### [EXERCISE]
Copy out all the lines of the data precisely, omitting any pictures.

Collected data
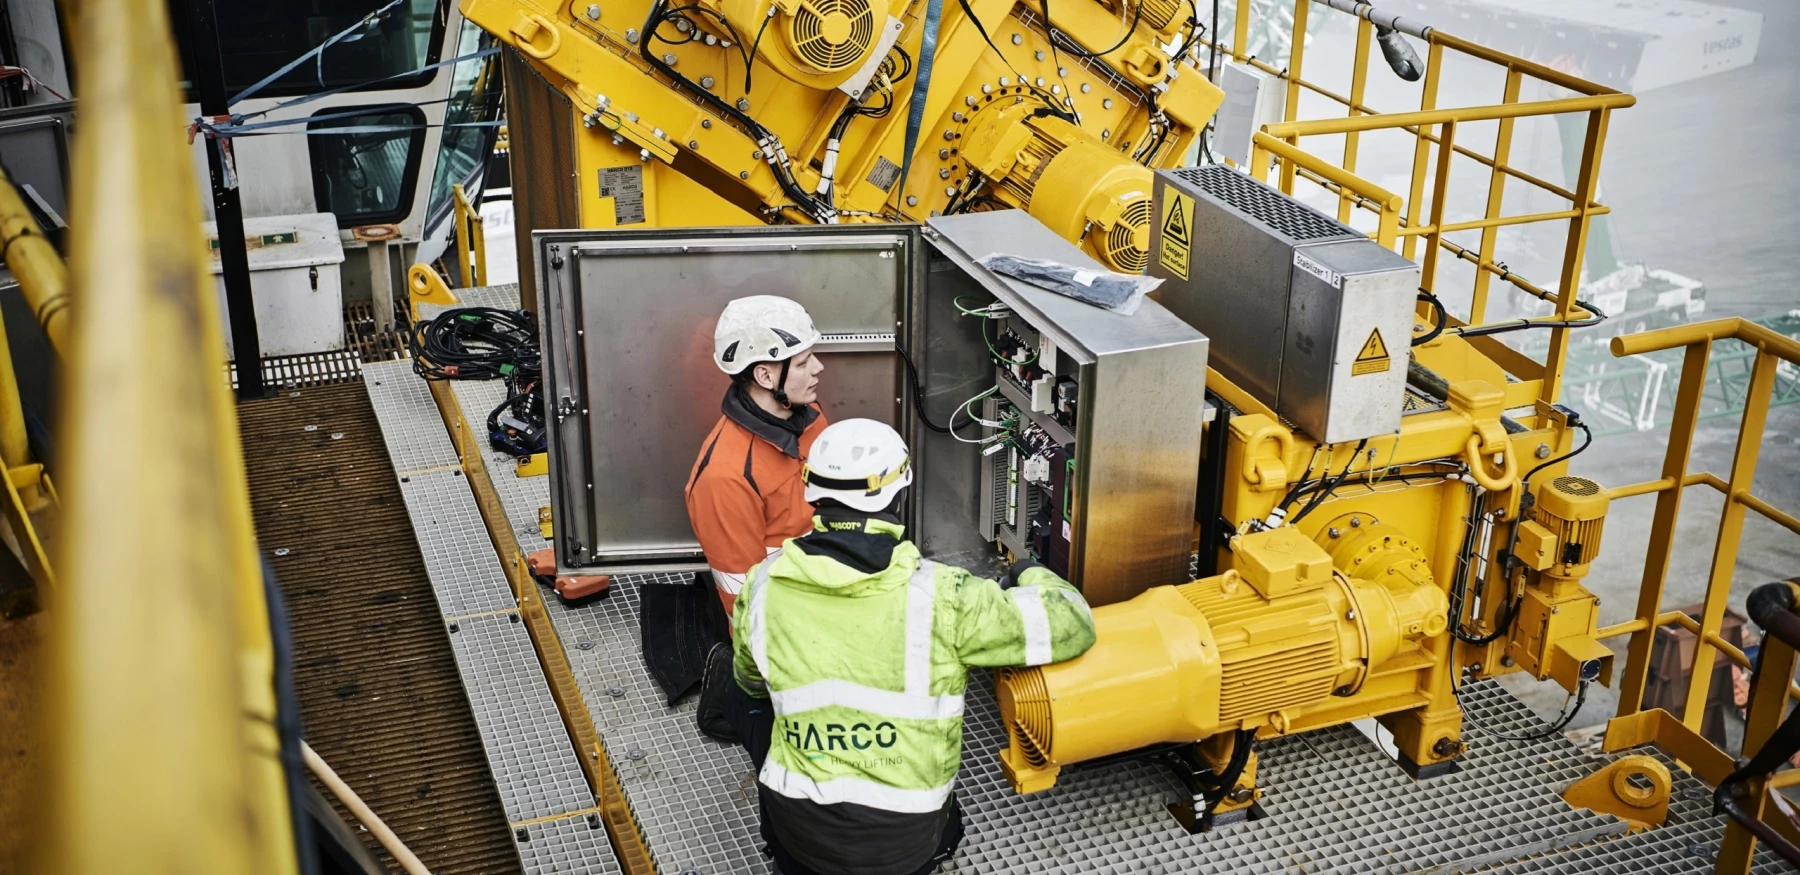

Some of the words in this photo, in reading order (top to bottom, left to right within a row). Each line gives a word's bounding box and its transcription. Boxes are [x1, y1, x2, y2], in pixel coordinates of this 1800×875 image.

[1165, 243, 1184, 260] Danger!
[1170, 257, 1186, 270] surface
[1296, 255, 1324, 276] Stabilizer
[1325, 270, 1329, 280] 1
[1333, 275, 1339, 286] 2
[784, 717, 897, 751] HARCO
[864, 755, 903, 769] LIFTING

### [PROBLEM SOLUTION]
Some of the words in this photo, in reading order (top to bottom, left to right within a row). Each line gives a word's bounding box and its transcription. Boxes are [x1, y1, x2, y2], in pixel coordinates of this 1800×875 image.

[1165, 243, 1184, 260] Danger!
[1170, 257, 1186, 270] surface
[1296, 255, 1324, 276] Stabilizer
[1325, 270, 1329, 280] 1
[1333, 275, 1339, 286] 2
[784, 717, 897, 751] HARCO
[864, 755, 903, 769] LIFTING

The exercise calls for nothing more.